Work instruction →
What lines in the entries below contain the word "REBUILD"? Copy all of them.

Records provided: Begin

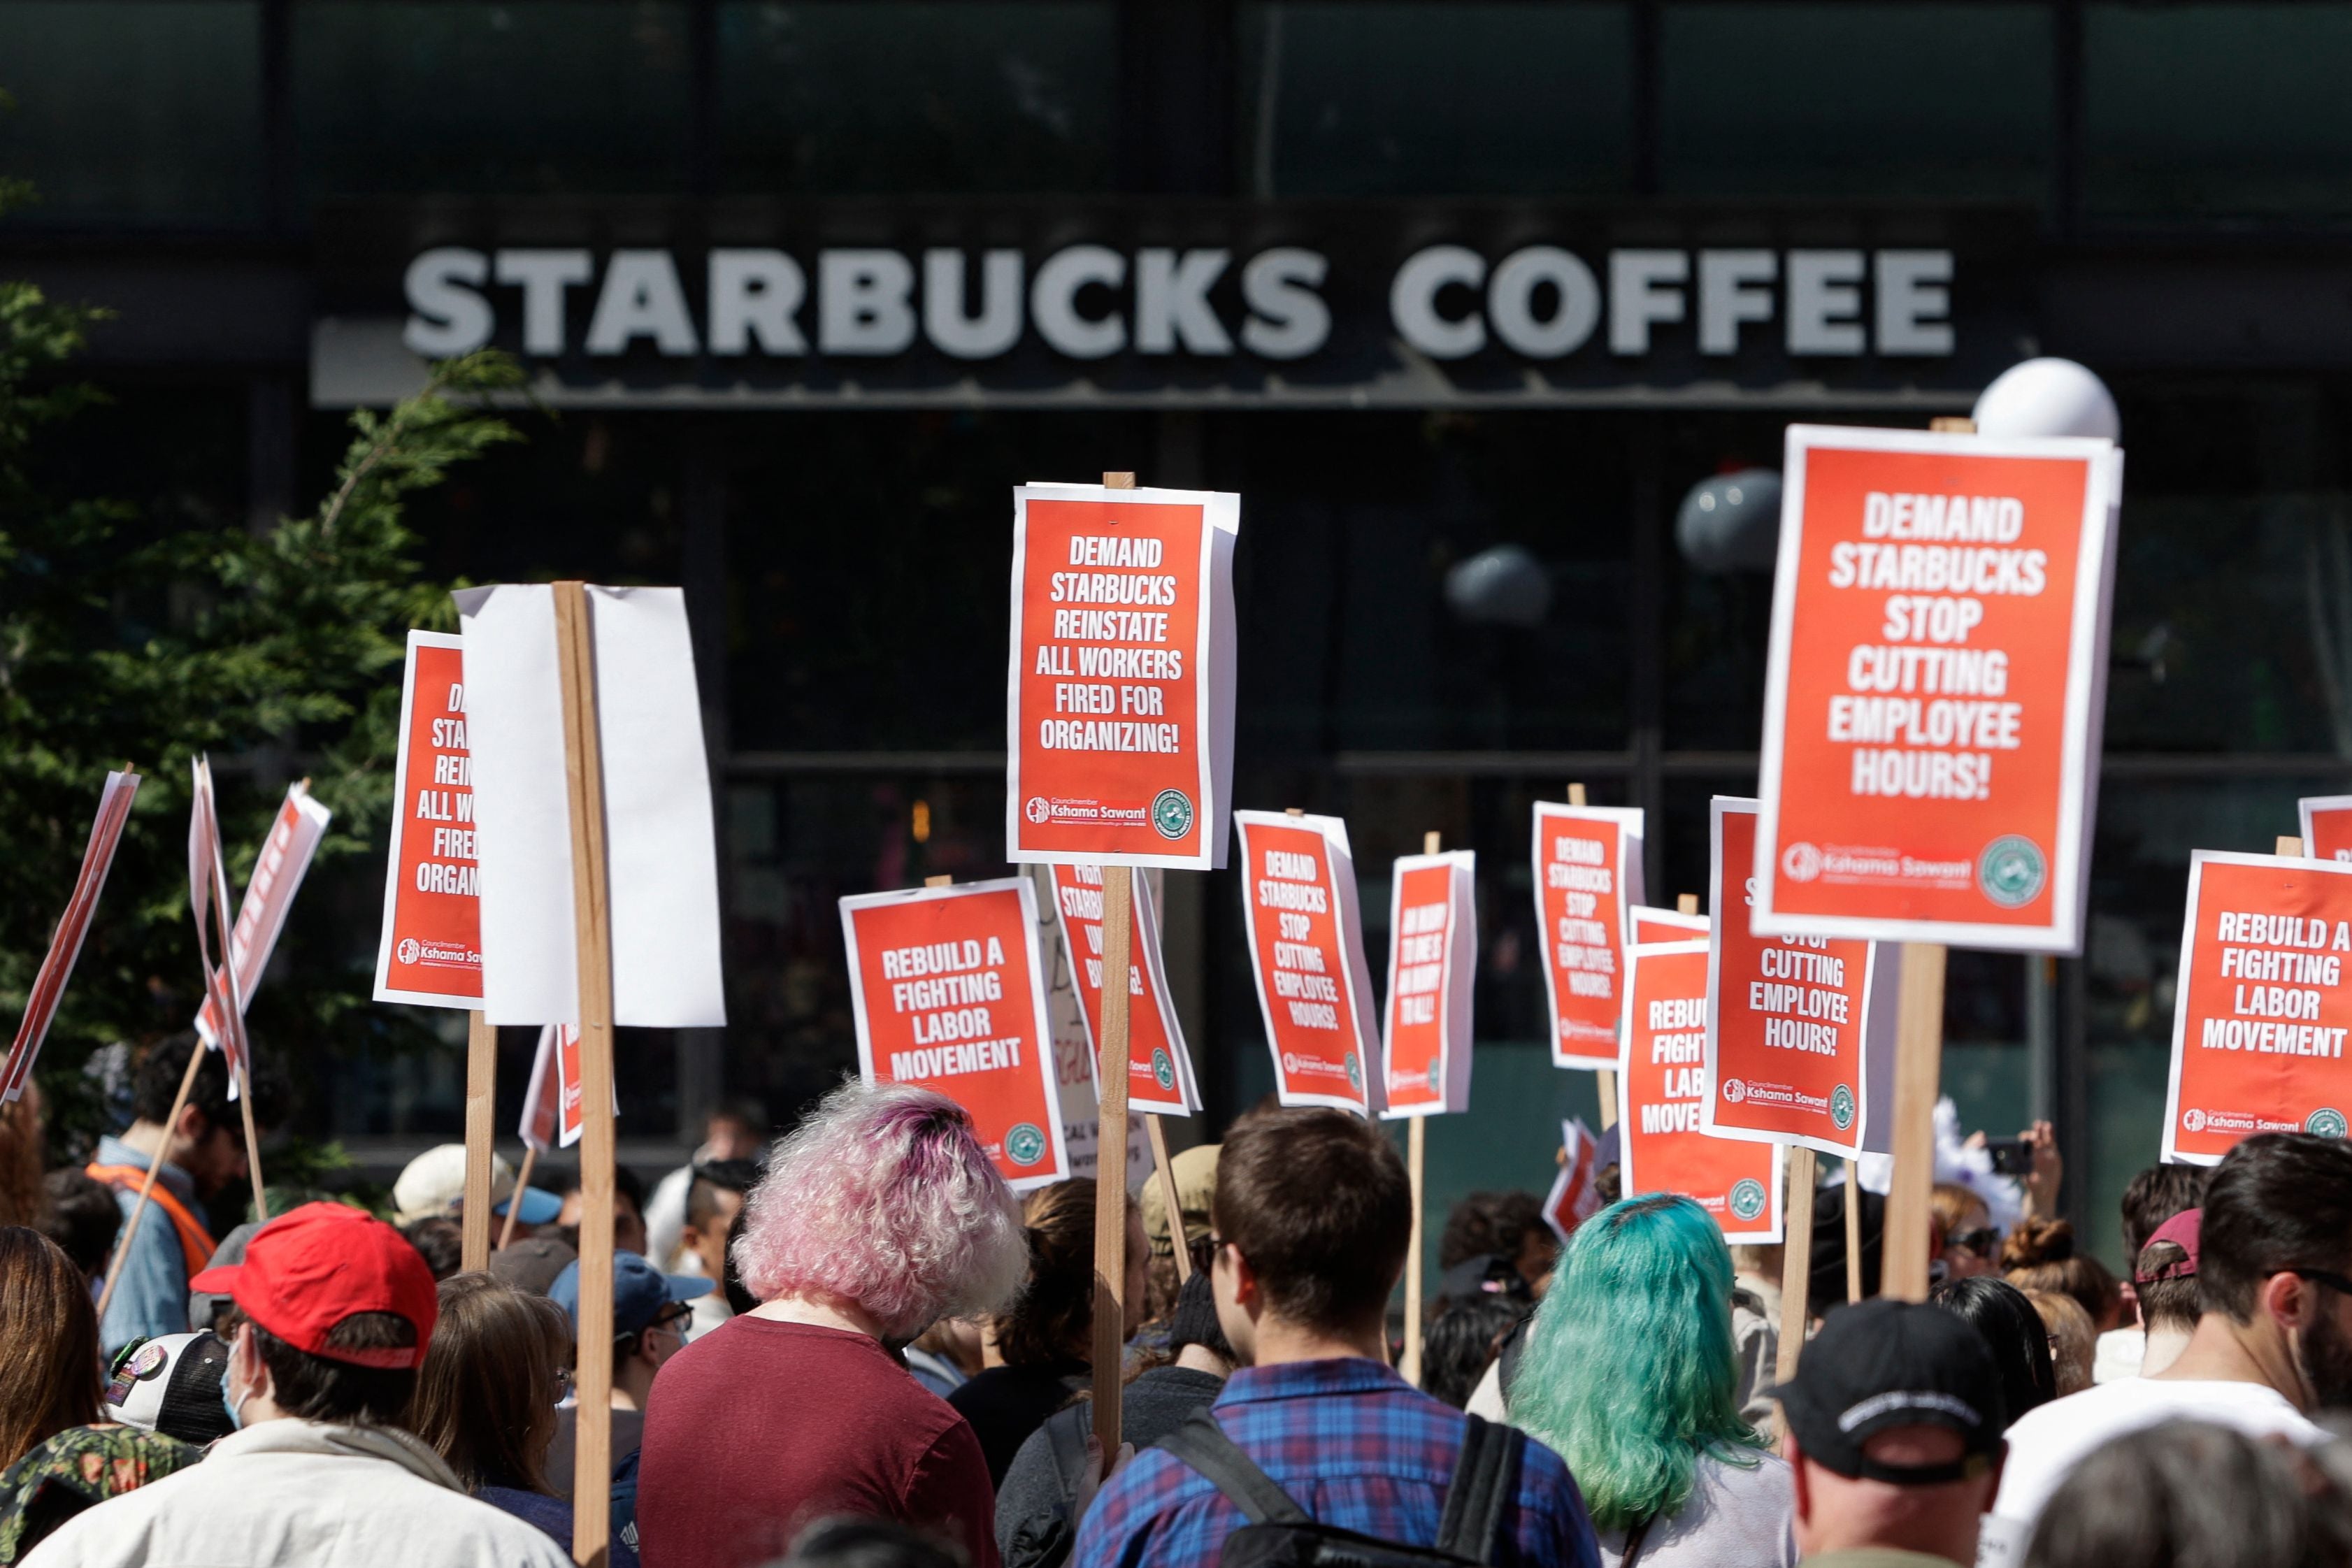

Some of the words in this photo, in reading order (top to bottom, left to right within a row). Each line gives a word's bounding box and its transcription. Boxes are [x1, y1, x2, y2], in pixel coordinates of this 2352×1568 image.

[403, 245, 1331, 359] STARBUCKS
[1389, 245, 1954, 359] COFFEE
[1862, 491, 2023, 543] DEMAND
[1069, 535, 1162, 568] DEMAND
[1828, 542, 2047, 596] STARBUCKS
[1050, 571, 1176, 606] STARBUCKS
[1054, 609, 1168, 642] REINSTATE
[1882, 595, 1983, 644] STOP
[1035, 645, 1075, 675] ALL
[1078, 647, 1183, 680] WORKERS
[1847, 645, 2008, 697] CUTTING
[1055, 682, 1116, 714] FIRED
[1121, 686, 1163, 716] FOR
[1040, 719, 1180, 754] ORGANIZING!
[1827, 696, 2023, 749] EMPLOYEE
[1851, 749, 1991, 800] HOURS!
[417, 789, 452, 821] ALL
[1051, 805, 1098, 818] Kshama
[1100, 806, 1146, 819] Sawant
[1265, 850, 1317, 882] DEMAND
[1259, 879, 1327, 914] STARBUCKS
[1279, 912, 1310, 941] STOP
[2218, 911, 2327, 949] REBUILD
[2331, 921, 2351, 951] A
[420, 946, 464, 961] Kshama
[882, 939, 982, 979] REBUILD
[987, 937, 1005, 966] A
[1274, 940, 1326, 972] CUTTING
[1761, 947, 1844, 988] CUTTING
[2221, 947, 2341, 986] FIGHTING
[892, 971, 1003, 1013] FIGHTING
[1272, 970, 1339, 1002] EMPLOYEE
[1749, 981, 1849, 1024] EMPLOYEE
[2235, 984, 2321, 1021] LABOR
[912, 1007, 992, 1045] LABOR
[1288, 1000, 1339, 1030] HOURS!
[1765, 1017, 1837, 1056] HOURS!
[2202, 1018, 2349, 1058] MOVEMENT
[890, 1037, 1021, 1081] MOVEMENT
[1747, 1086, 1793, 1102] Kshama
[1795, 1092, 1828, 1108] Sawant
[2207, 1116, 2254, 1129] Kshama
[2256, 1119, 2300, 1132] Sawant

Records provided: End

Result of the task →
[2218, 911, 2327, 949] REBUILD
[882, 939, 982, 979] REBUILD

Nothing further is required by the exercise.